Free alternative to day schools? As day schools have become an overly expensive option for some in the Orthodox world, an Israeli program that has offered Diaspora Jews free high school education in Israel is beefing up its outreach to Orthodox Jews and pitching itself as a free alternative.
Na’ale is recruiting current high school freshmen to move to Israel for the next three years and be enrolled in Israeli high schools for their sophomore through senior years.
The Israeli program has 75 openings — 25 each for students who will be enrolled in the secular Motenson school in Hod Hasharon, for boys in a Bnei Akiva religious Zionist school in Beersheva, and for girls in a Bnei Akiva religious school near Haifa.
Fundermentalist’s take: Na’ale was launched in 1992 for students in the former Soviet Union, according to its North American development director Abe Reichman, and expanded later to South America and France, then North America. In nearly two decades, some 11,000 students have gone through the program.

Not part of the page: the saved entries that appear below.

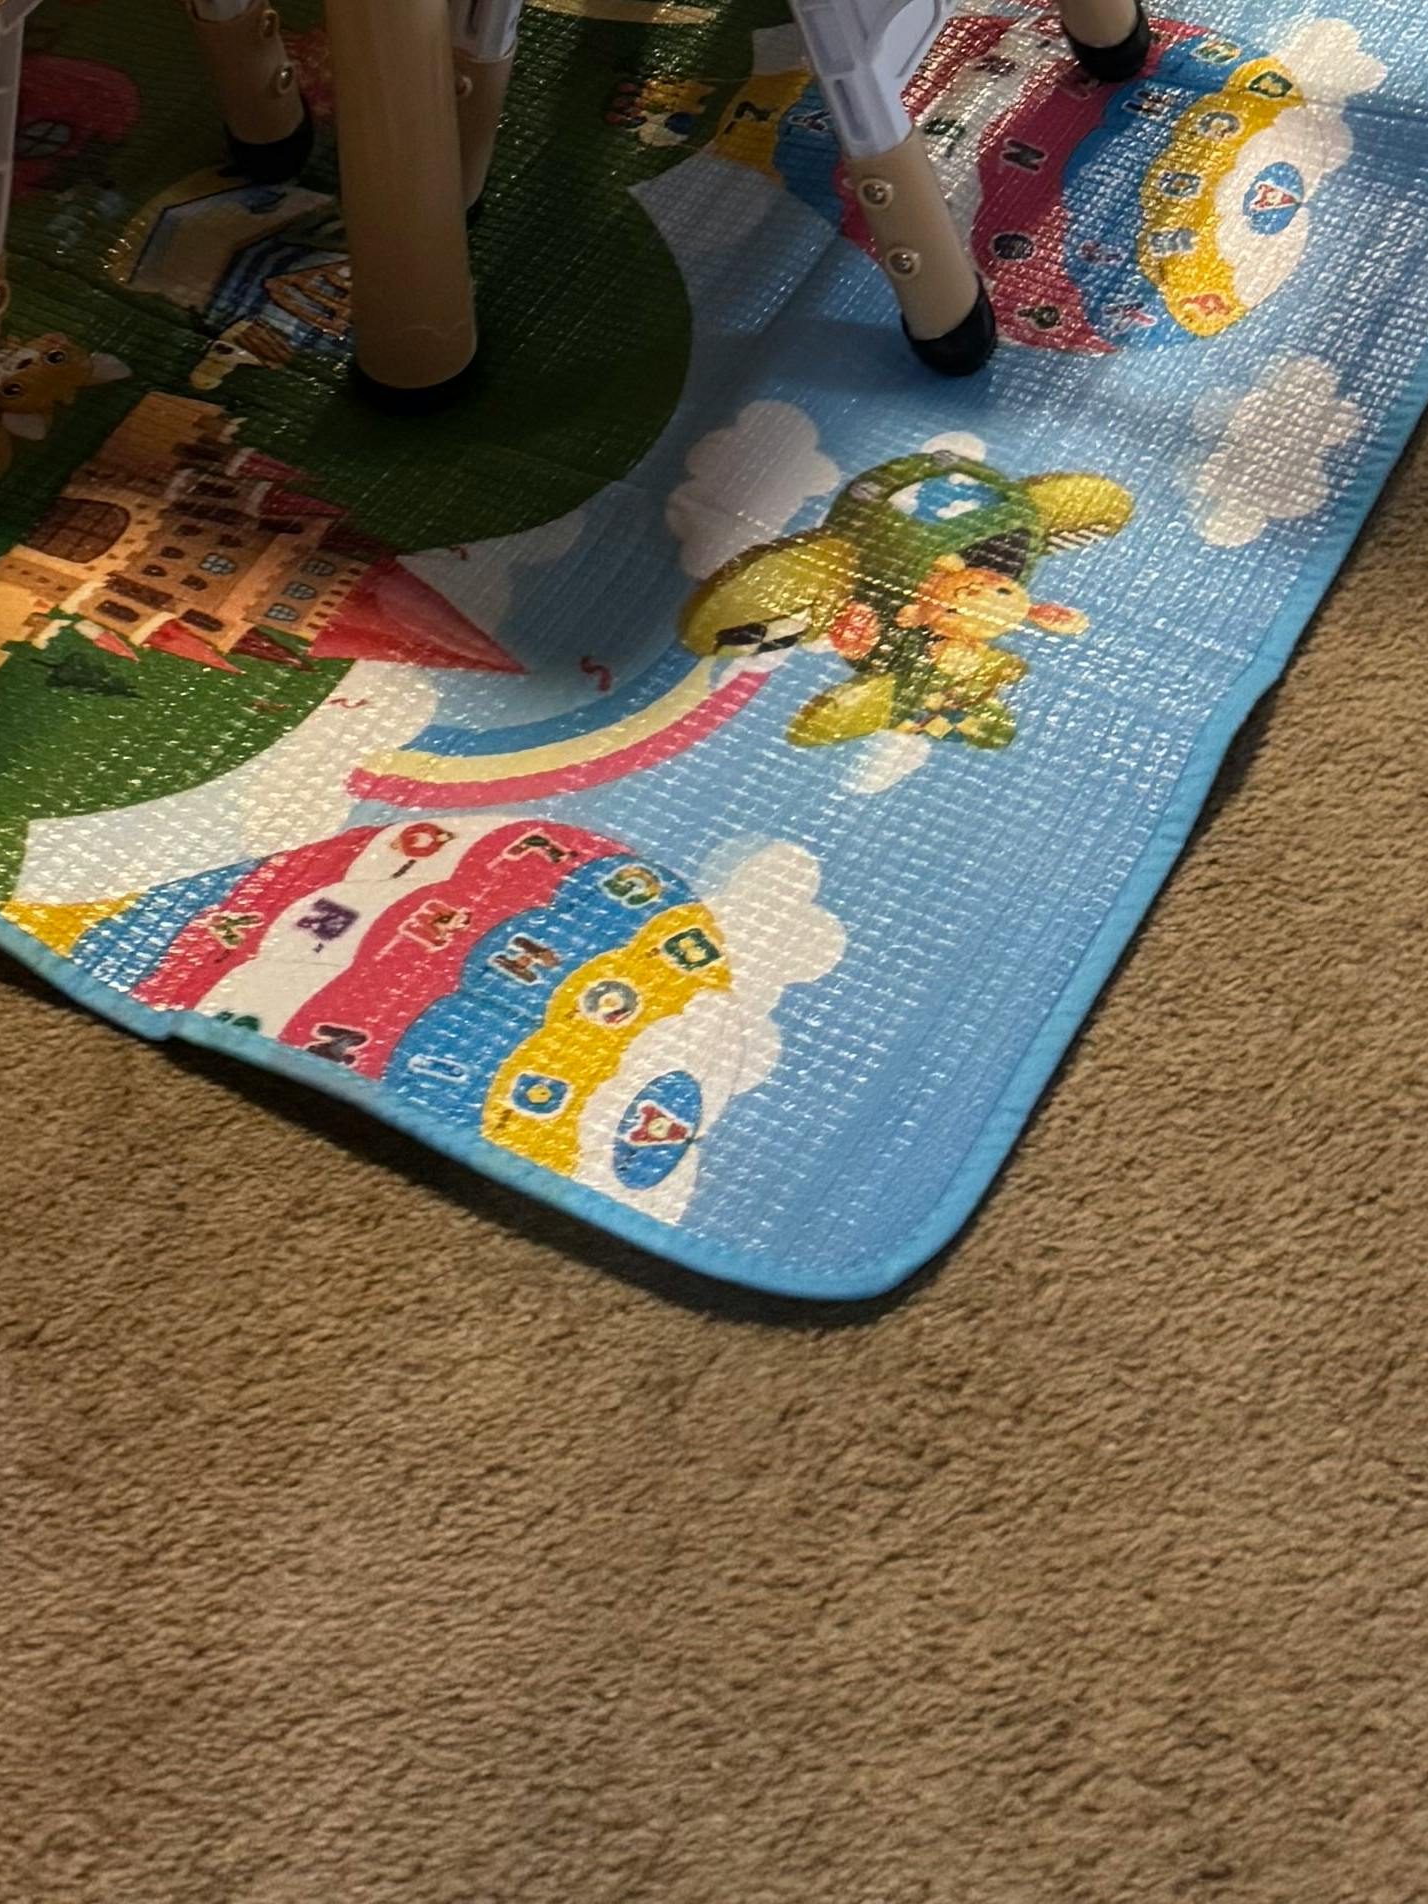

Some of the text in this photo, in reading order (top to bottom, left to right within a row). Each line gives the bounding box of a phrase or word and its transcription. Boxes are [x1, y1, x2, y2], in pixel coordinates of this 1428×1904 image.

[1249, 71, 1293, 98] B
[1003, 139, 1045, 173] N
[603, 864, 662, 907] G
[298, 899, 358, 940] R
[495, 936, 560, 984] H
[663, 928, 720, 971] B
[582, 979, 640, 1024] C
[307, 1024, 370, 1065] N
[409, 1054, 466, 1081] I
[510, 1072, 569, 1116] D
[625, 1100, 689, 1147] A

Qualifying for the program requires some pretty thorough psychological screening. Na’ale officials say the screening is geared toward ensuring that prospective students can handle moving away from home and to a new country, and living in a dormitory setting for the remainder of their high school years.

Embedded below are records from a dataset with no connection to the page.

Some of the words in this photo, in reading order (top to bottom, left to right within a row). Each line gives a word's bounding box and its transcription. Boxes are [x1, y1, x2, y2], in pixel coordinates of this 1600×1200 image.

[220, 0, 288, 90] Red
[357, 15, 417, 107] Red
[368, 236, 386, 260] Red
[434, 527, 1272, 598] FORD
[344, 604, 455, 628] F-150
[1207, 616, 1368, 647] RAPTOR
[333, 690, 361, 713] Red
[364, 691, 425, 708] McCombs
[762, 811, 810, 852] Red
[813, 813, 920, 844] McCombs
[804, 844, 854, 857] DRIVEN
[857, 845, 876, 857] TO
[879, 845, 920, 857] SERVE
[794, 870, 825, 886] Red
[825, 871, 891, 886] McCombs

They say the program isn’t specifically designed to push students to make aliyah and become Israeli citizens, but Reichman estimates that about 85 percent of the 11,000 students have done so. Twenty of the 22 Americans who graduated from the program last year made aliyah, including all 17 who enrolled in secular schools.
So it makes sense that Na’ale was funded in large part by the Jewish Agency for Israel — and that the funding was from the agency’s aliyah department rather than its education department.
Still, Reichman, who also serves as the guidance counselor for Na’ale participants, says he does not speak with the students about aliyah until the last two or three months of their stay, at which point they “discuss options.” Reichman says that if a student expresses interest in aliyah, he will guide them to the right place. Na’ale pays for each student’s first flight to Israel and the return flight to the United States, if the student chooses to return.
For the philanthro-philes, here is the interesting part.
When the Jewish Agency introduced massive budget cuts last year, Na’ale was among its victims. The agency went from funding about half of the program’s budget to paying only for marketing in North America. It sounds like Na’ale was taken a bit by surprise and really had to hustle to keep the program going. It is now funded by the Israeli Ministry of Education.
This could be a model as the agency shifts its mission away from promoting immigration to Jewish identity-building. Jewish Agency Chairman Natan Sharansky hopes that the Israeli government will pick up many of the programs that his organization does not think it can fund itself from charitable donations.